### DATA

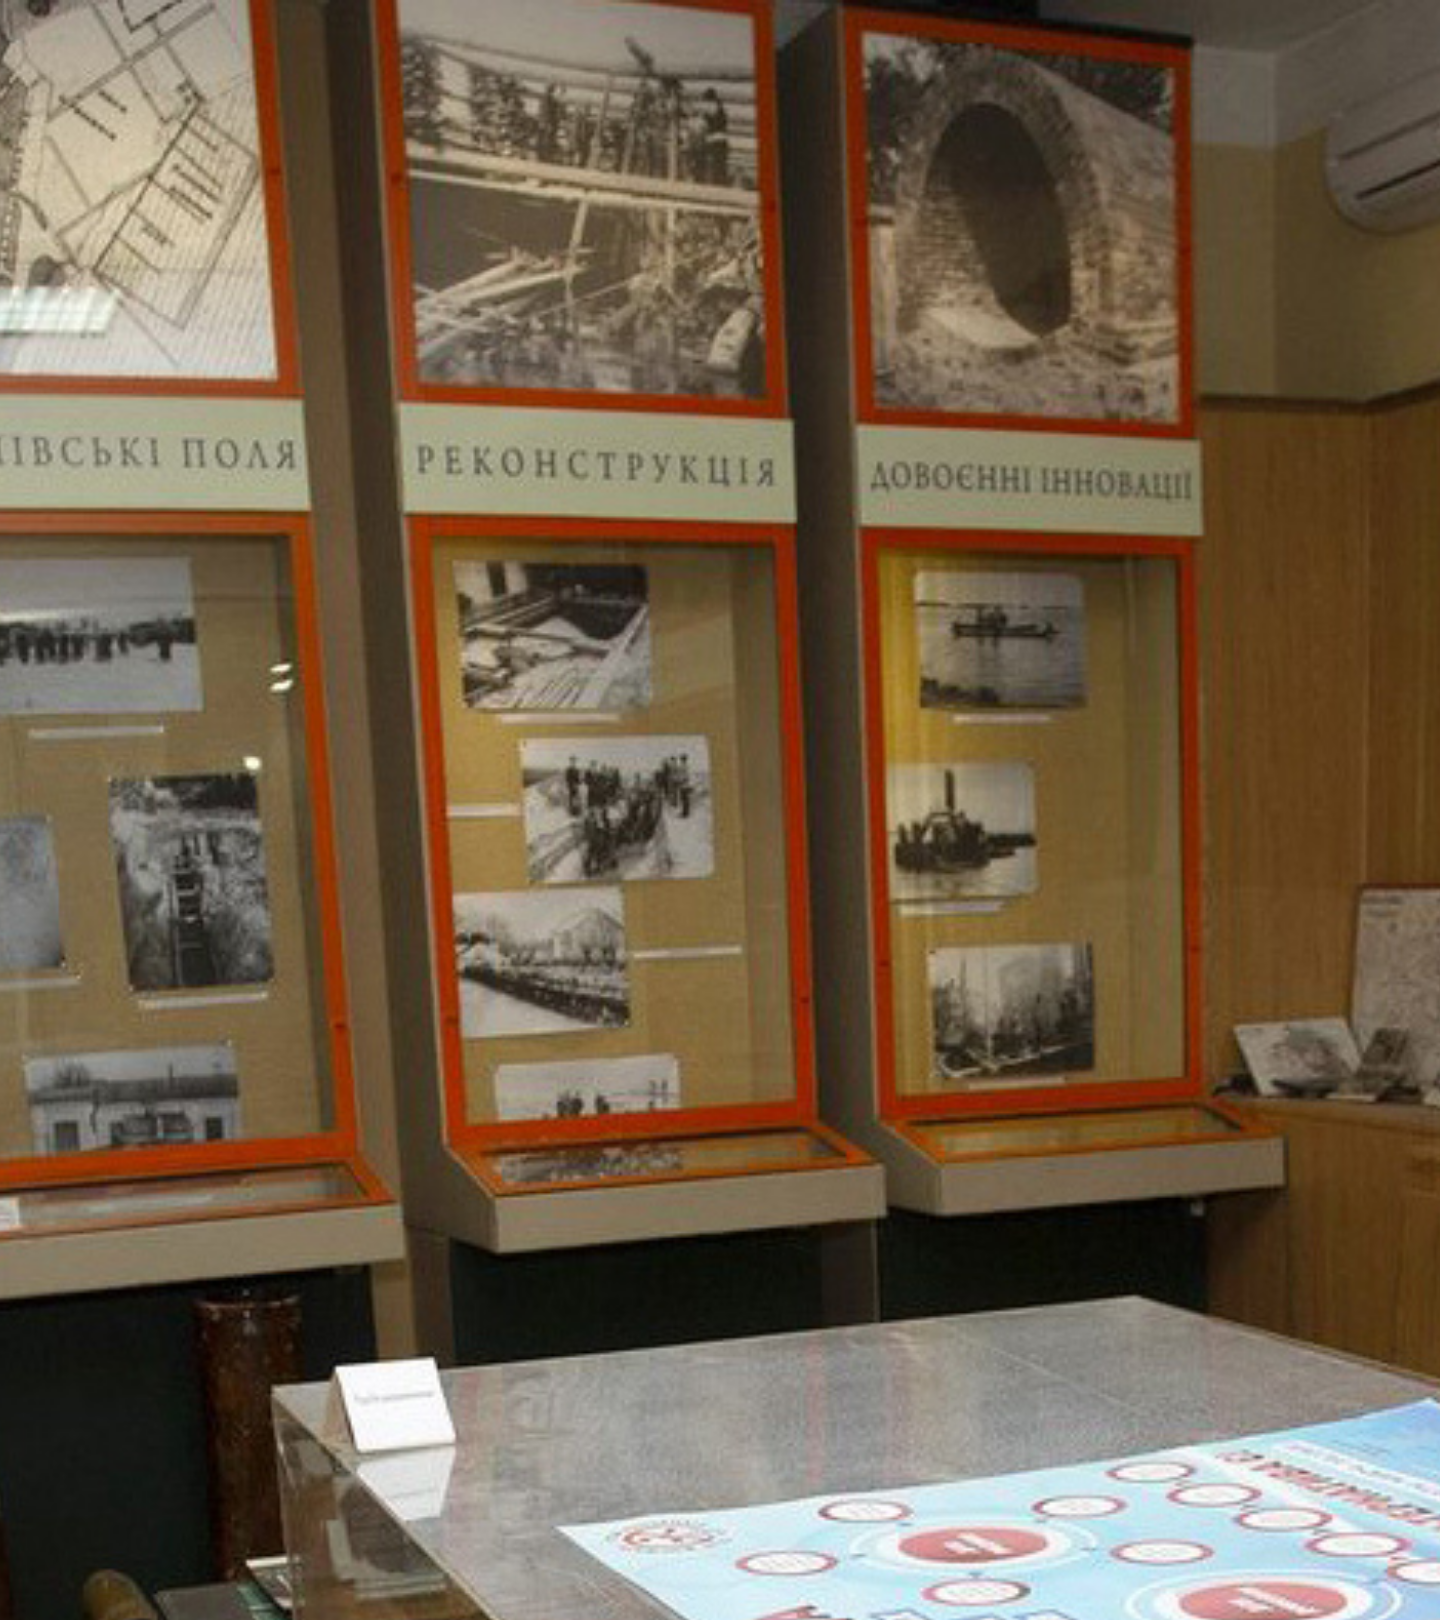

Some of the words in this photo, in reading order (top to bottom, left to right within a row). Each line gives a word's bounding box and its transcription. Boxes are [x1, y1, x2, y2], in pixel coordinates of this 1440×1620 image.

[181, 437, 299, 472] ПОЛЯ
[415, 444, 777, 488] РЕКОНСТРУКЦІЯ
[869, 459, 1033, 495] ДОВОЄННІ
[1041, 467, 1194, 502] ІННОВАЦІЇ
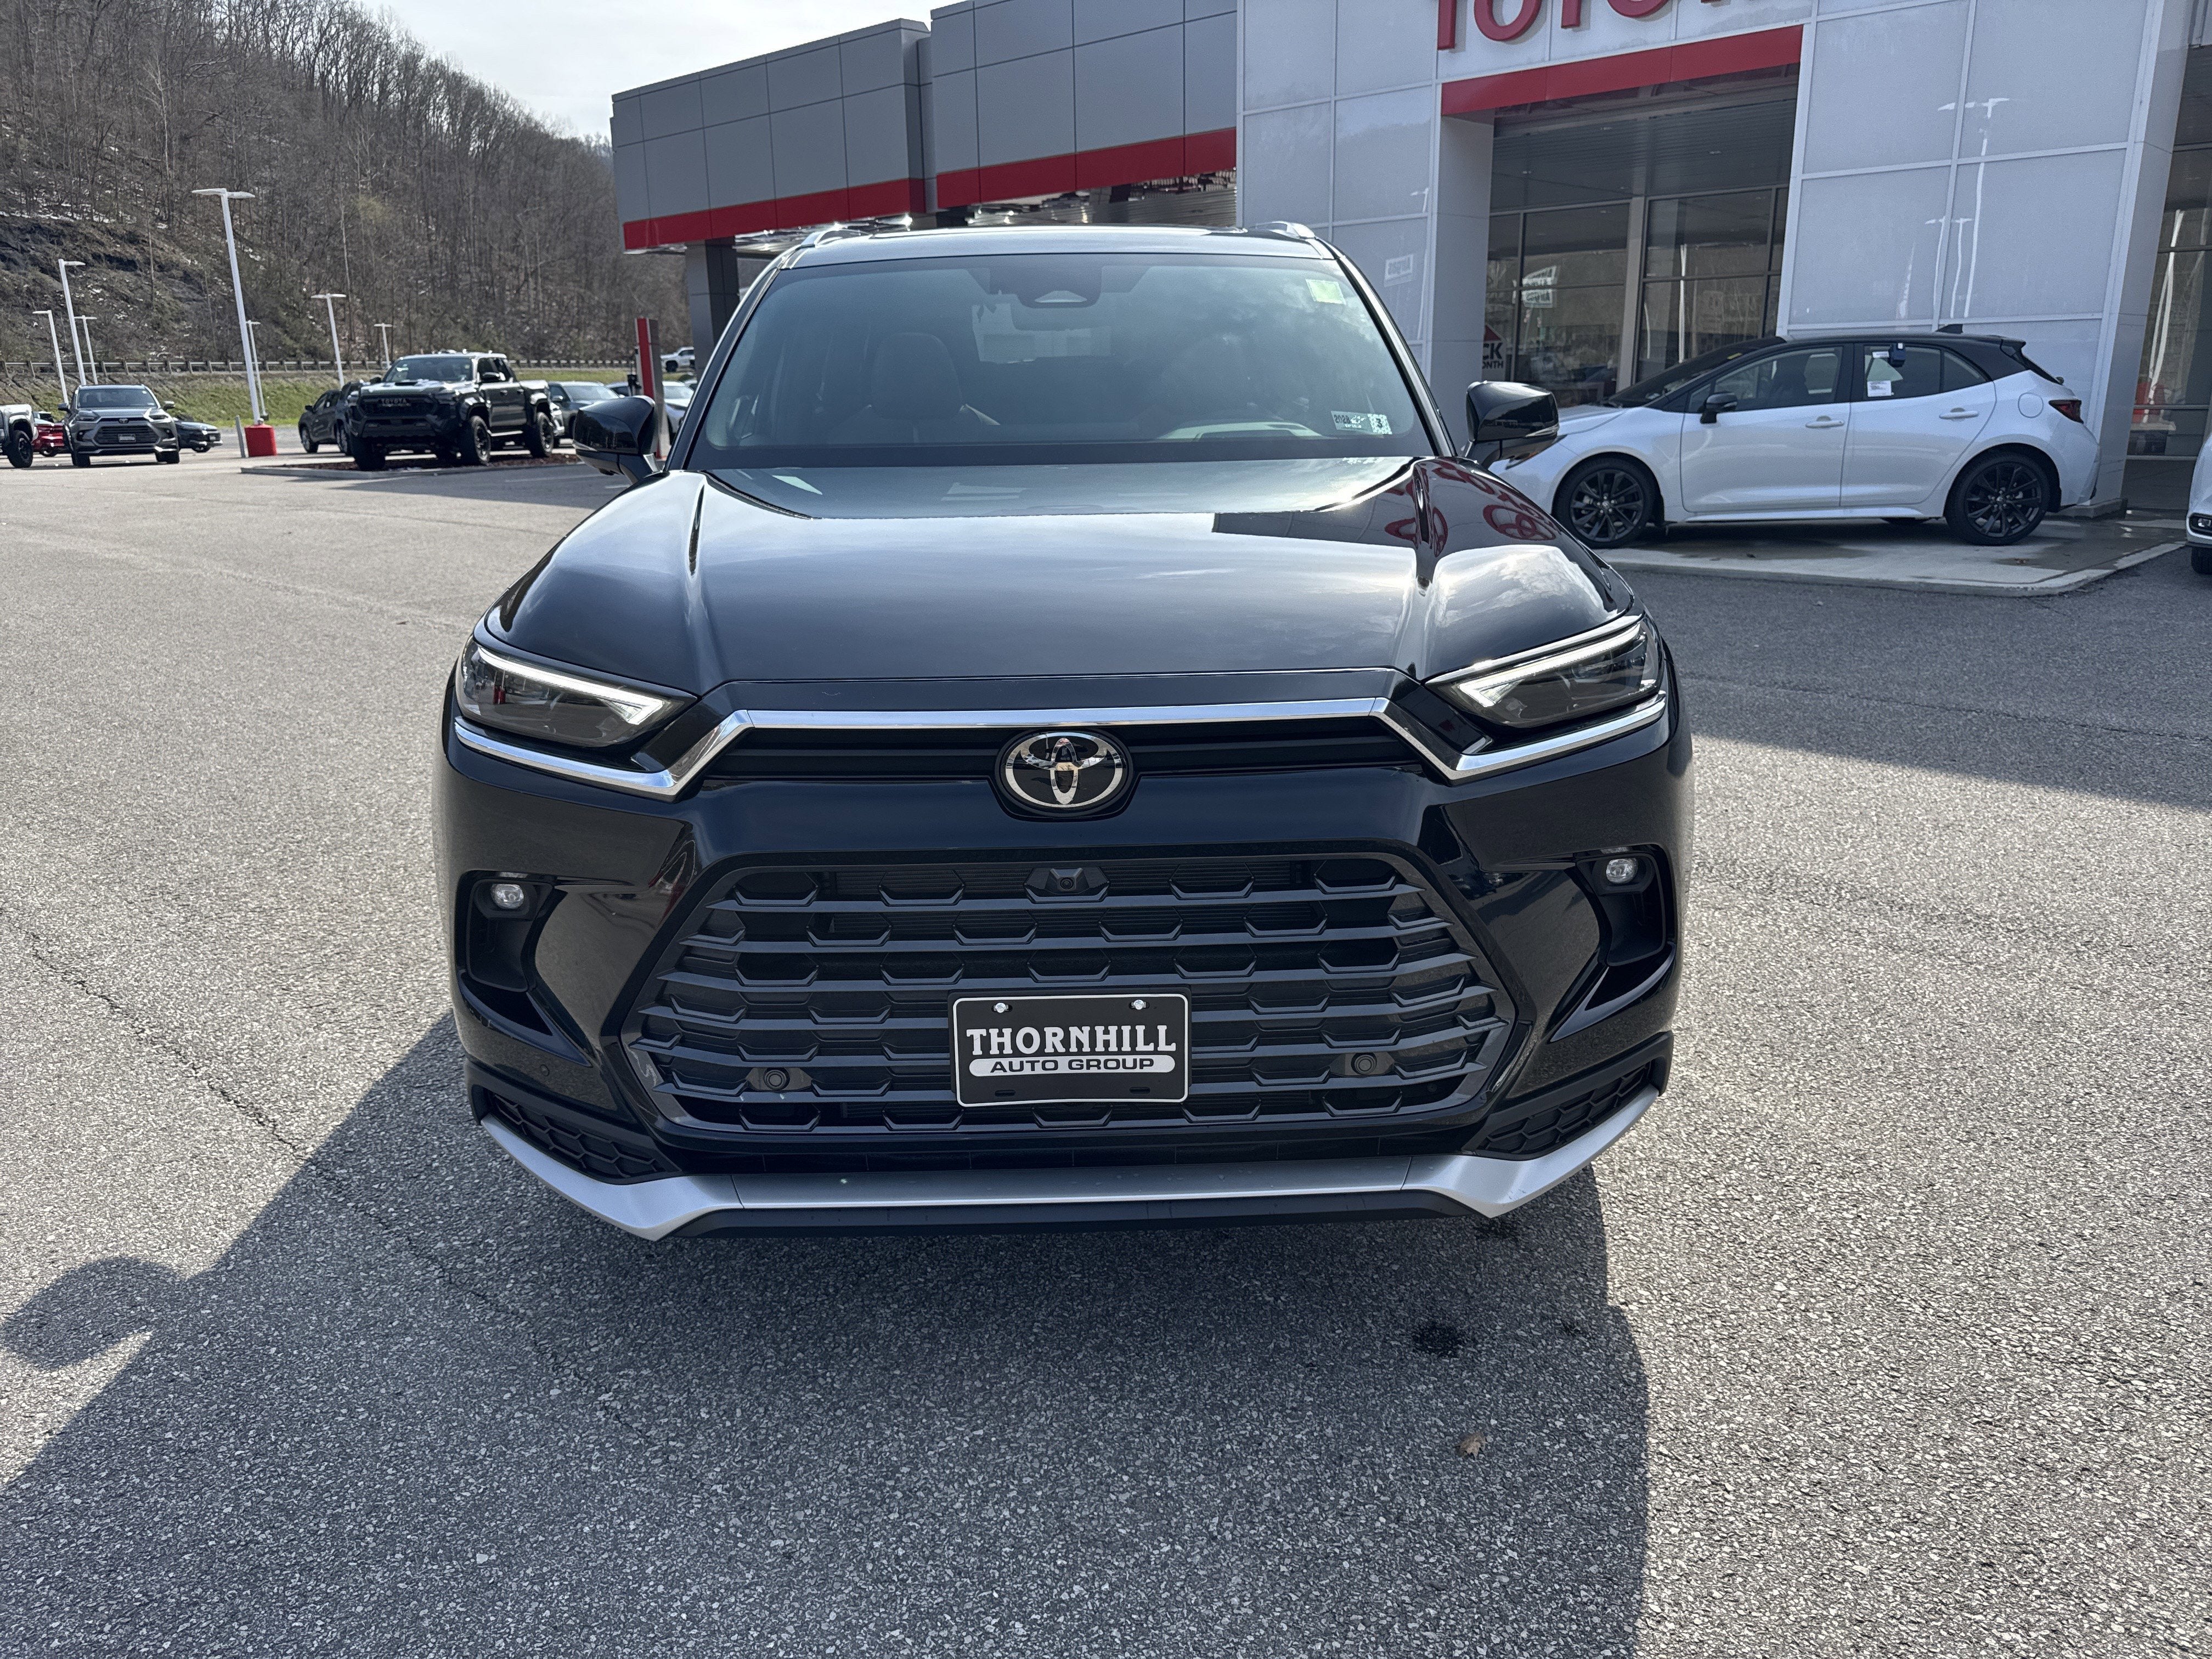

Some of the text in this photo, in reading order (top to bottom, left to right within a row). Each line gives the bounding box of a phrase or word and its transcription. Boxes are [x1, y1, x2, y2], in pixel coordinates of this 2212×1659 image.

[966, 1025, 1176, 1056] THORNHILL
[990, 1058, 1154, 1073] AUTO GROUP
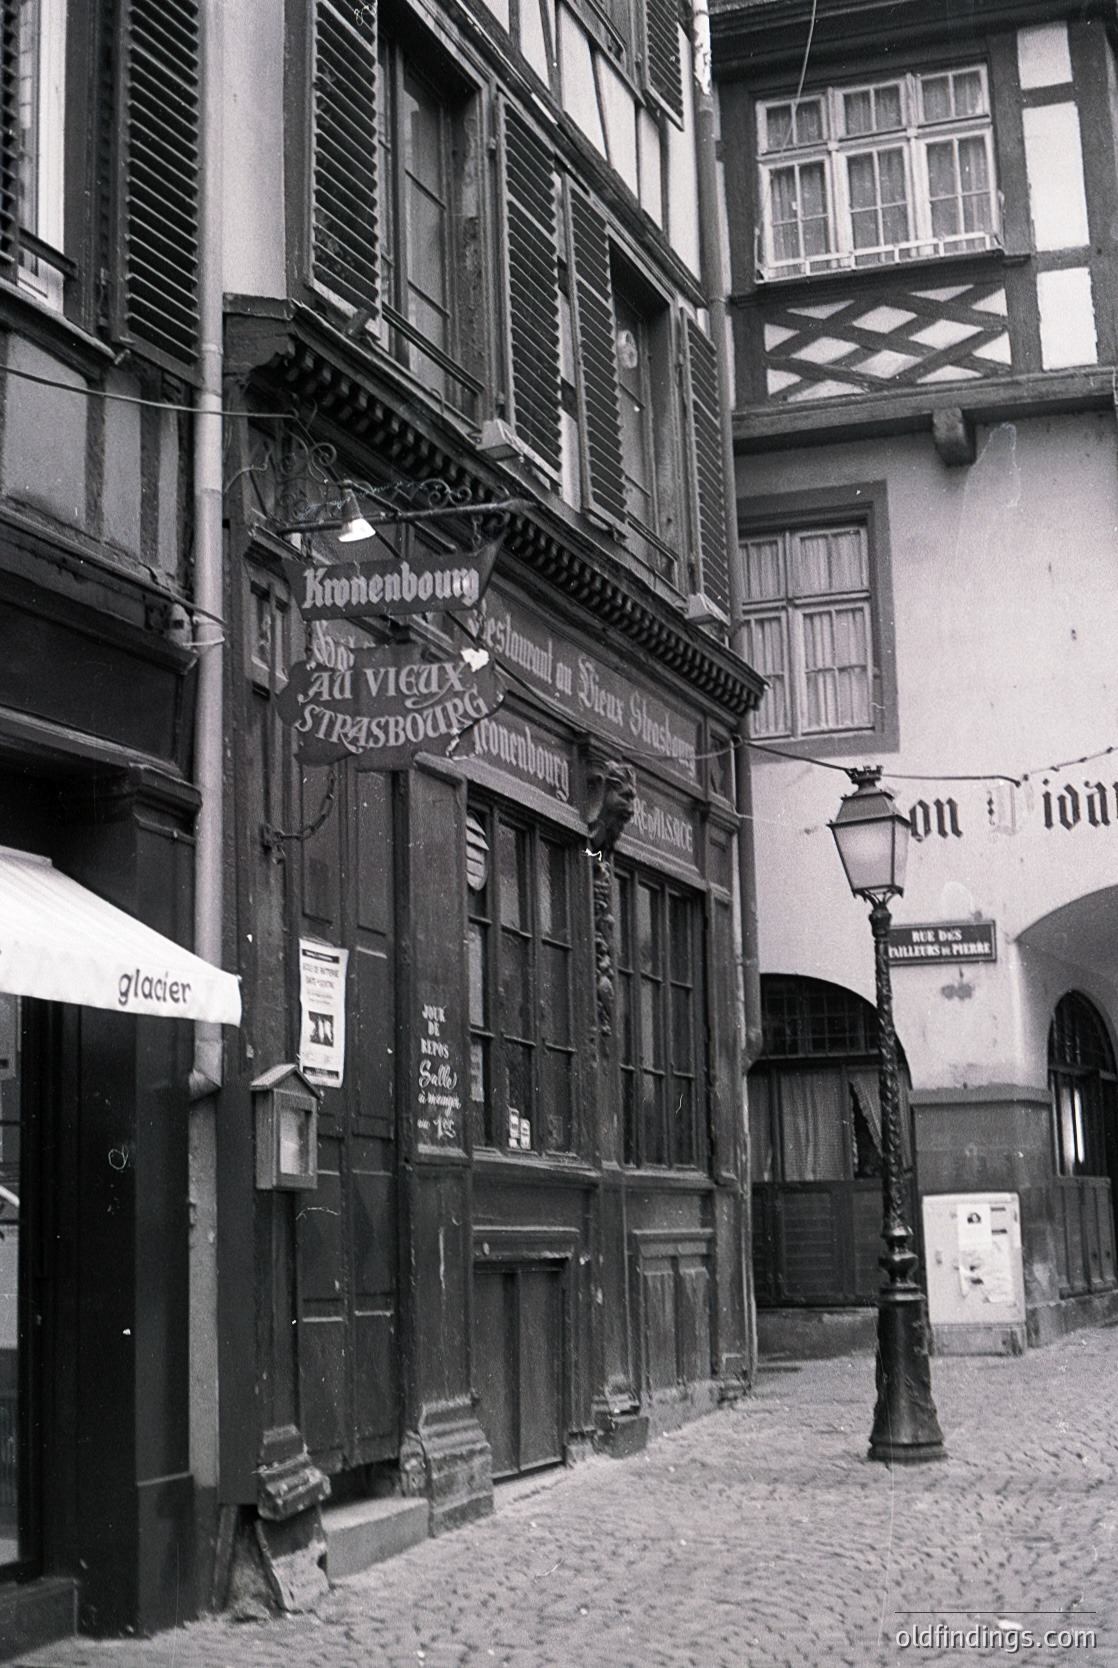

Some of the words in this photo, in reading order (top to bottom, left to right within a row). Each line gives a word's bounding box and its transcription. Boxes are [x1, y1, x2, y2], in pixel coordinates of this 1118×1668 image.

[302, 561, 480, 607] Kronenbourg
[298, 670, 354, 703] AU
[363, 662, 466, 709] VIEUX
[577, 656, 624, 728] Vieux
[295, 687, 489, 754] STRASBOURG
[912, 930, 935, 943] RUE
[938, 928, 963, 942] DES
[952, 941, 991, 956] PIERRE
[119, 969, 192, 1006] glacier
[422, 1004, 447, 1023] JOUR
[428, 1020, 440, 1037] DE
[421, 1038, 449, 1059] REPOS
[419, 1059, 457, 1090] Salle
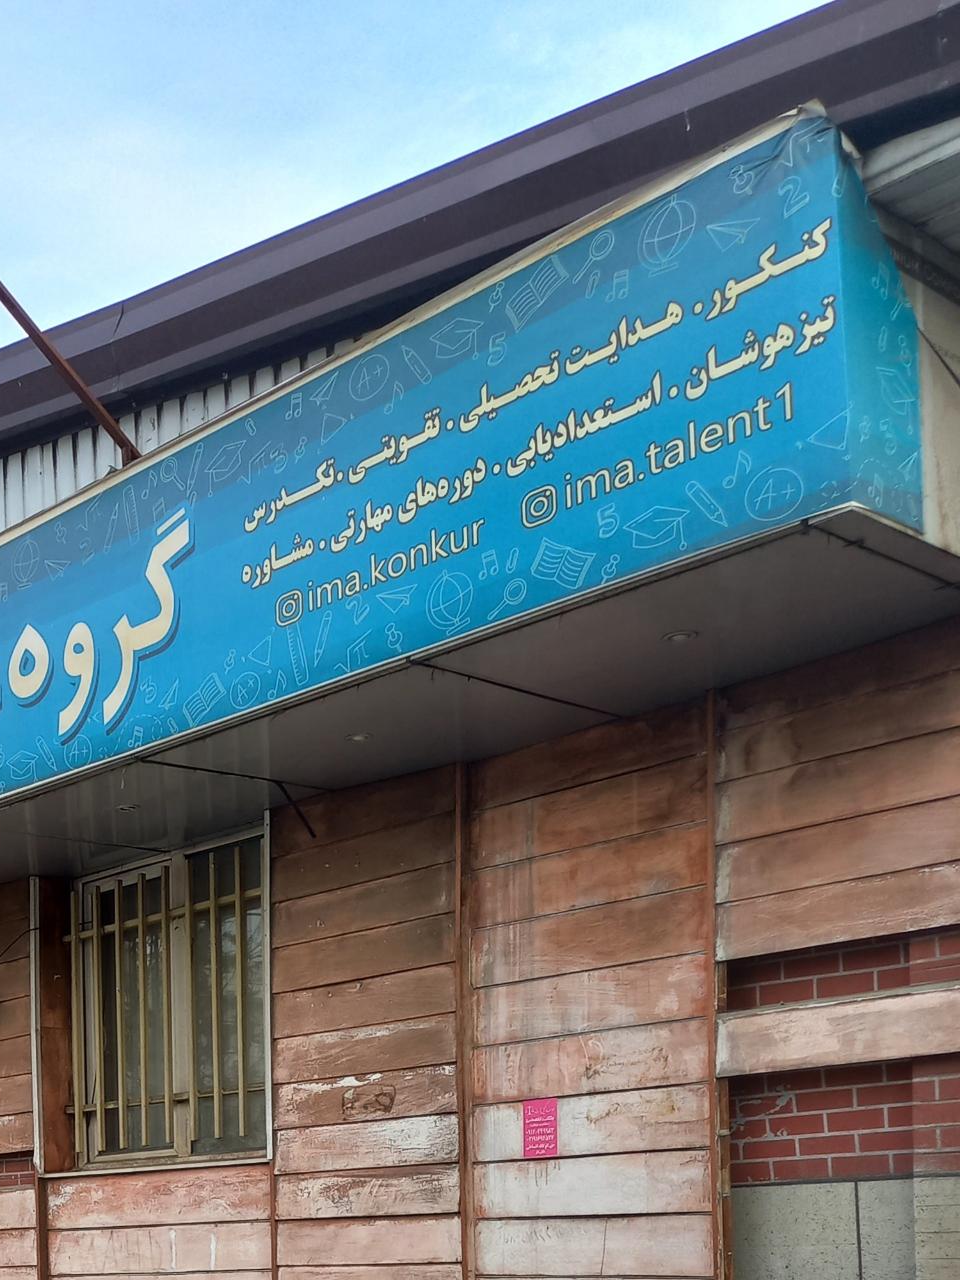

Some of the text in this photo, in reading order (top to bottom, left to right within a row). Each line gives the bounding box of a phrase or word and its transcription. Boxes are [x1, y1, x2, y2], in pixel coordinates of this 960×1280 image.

######

§ **ASSIGNMENT**: Each entry above should be written out verbatim, minus its pictures.

§ **WRITTEN ANSWER**:
Some of the words in this photo, in reading order (top to bottom, left to right within a row). Each line gives a word's bounding box and its transcription. Boxes are [x1, y1, x2, y2], in pixel coordinates of this 1440×1620 image.

[181, 437, 299, 472] ПОЛЯ
[415, 444, 777, 488] РЕКОНСТРУКЦІЯ
[869, 459, 1033, 495] ДОВОЄННІ
[1041, 467, 1194, 502] ІННОВАЦІЇ

Some of the text in this photo, in reading order (top to bottom, left to right within a row). Each line gives the bounding box of a phrase or word and its transcription. Boxes are [x1, y1, x2, y2], in pixel coordinates of this 2212×1659 image.

[966, 1025, 1176, 1056] THORNHILL
[990, 1058, 1154, 1073] AUTO GROUP

Some of the words in this photo, in reading order (top to bottom, left to right within a row). Each line gives a word's bounding box and its transcription. Boxes are [x1, y1, x2, y2], in pixel coordinates of this 1118×1668 image.

[302, 561, 480, 607] Kronenbourg
[298, 670, 354, 703] AU
[363, 662, 466, 709] VIEUX
[577, 656, 624, 728] Vieux
[295, 687, 489, 754] STRASBOURG
[912, 930, 935, 943] RUE
[938, 928, 963, 942] DES
[952, 941, 991, 956] PIERRE
[119, 969, 192, 1006] glacier
[422, 1004, 447, 1023] JOUR
[428, 1020, 440, 1037] DE
[421, 1038, 449, 1059] REPOS
[419, 1059, 457, 1090] Salle

Some of the text in this photo, in reading order (top to bottom, left to right within a row). Each line gives the bounding box of a phrase or word and its transcription. Boxes are [x1, y1, x2, y2], in pixel coordinates of this 960×1280 image.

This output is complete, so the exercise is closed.